Firstb00t implements 95%+ compliance (39 of 41 requirements) with:

• NSA Network Infrastructure Security Guide (U/OO/118623-22, October 2023)
• TuxCare Top 10 Cybersecurity Misconfigurations cybersecurity playbook

This means your server follows enterprise-grade security practices from day one, including:

• ✅ System update rollback capability (timeshift snapshots)
• ✅ APT signature verification enforcement
• ✅ DNSSEC validation for DNS lookups
• ✅ Multi-factor authentication (TOTP)
• ✅ SSH key-based authentication only
• ✅ Intrusion detection and log monitoring
• ✅ Encrypted backups with BorgBackup (deduplication + retention)
• ✅ Multi-host SSH orchestration for centralized backup management

---

🎯 Who is this for?

• 🟢 beginners: First server? No problem. We handle the hard stuff.
• 🟡 small teams: Deploy consistently across multiple servers.
• 🟢 DevOps engineers: Reproducible, auditable, idempotent.

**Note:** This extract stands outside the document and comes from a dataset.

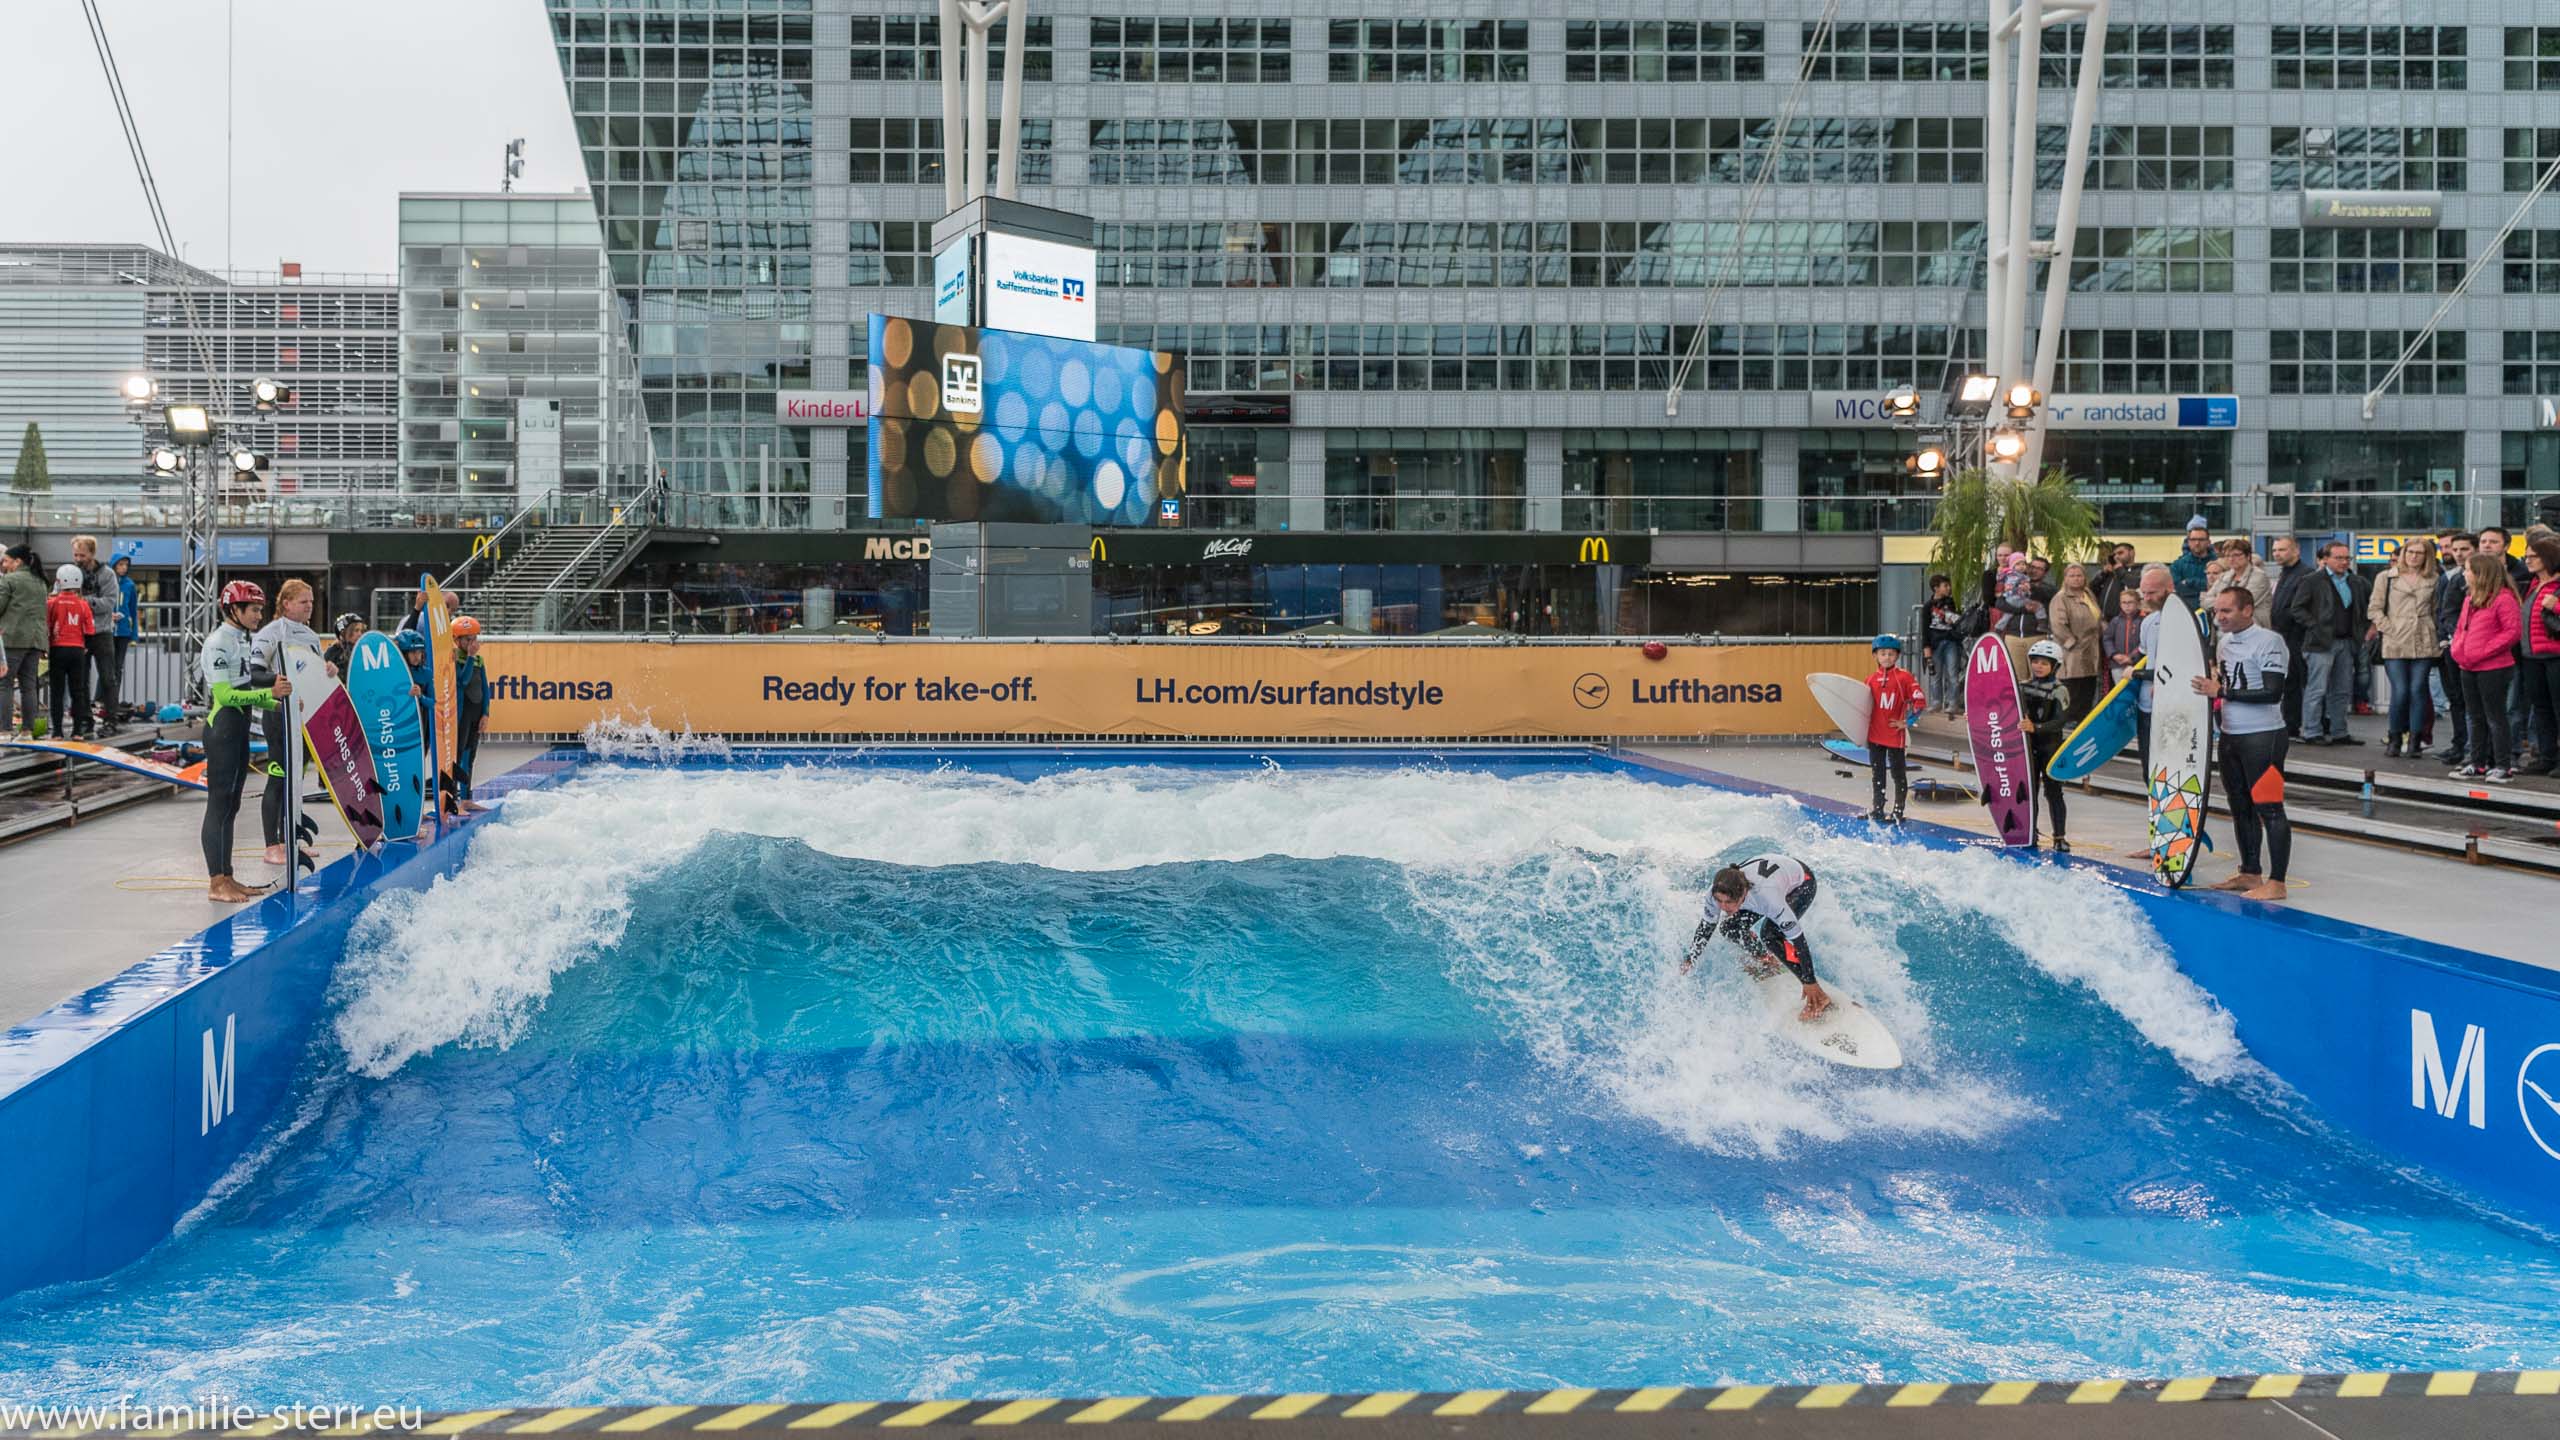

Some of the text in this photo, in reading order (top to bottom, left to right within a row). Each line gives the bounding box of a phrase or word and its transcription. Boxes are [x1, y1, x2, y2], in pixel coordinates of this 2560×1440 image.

You don't need to be a Linux expert. If you can copy-paste commands and say yes to a few prompts, you're good.

---

🚀 Quick start

Prerequisites: get your VPS credentials from your provider**

• 🔑 IP address (e.g., IPv4 203.0.113.42 and/or IPv6 2001:db8:85a3::8a2e:370:7334)
• 🔑 root password or existing SSH access

**🖥️ **

🎯 Single command (macOS, Linux, or WSL):

Open a terminal window and open a folder to download the firstb00t script (eg, ~/Downloads)

cd ~/Downloads
curl -O https://raw.githubusercontent.com/punkyard/firstb00t/main/firstb00t.sh && bash firstb00t.sh

🛠️ What happens next

Step 1: 🖥️ Local preparation

• detects existing SSH keys (id_ed25519, id_rsa)
• option A: use your existing key
• option B: create dedicated key for this VPS: ~/.ssh/firstb00t_vps
• detects your public IP(s) for firewall allowlist
• prints connection command to connect to server

Step 2: 🚀 VPS setup

• connect to VPS using the provided SSH command

• download and run the setup script:

  cd /home
  curl -sSfL https://raw.githubusercontent.com/punkyard/firstb00t/main/setup/debian.sh -o debian.sh
  chmod +x debian.sh
  bash debian.sh

  To install curl:

  • Debian/Ubuntu: sudo apt update && sudo apt install curl -y
  • macOS: brew install curl

• script performs early system preparation (apt update, sudo user creation)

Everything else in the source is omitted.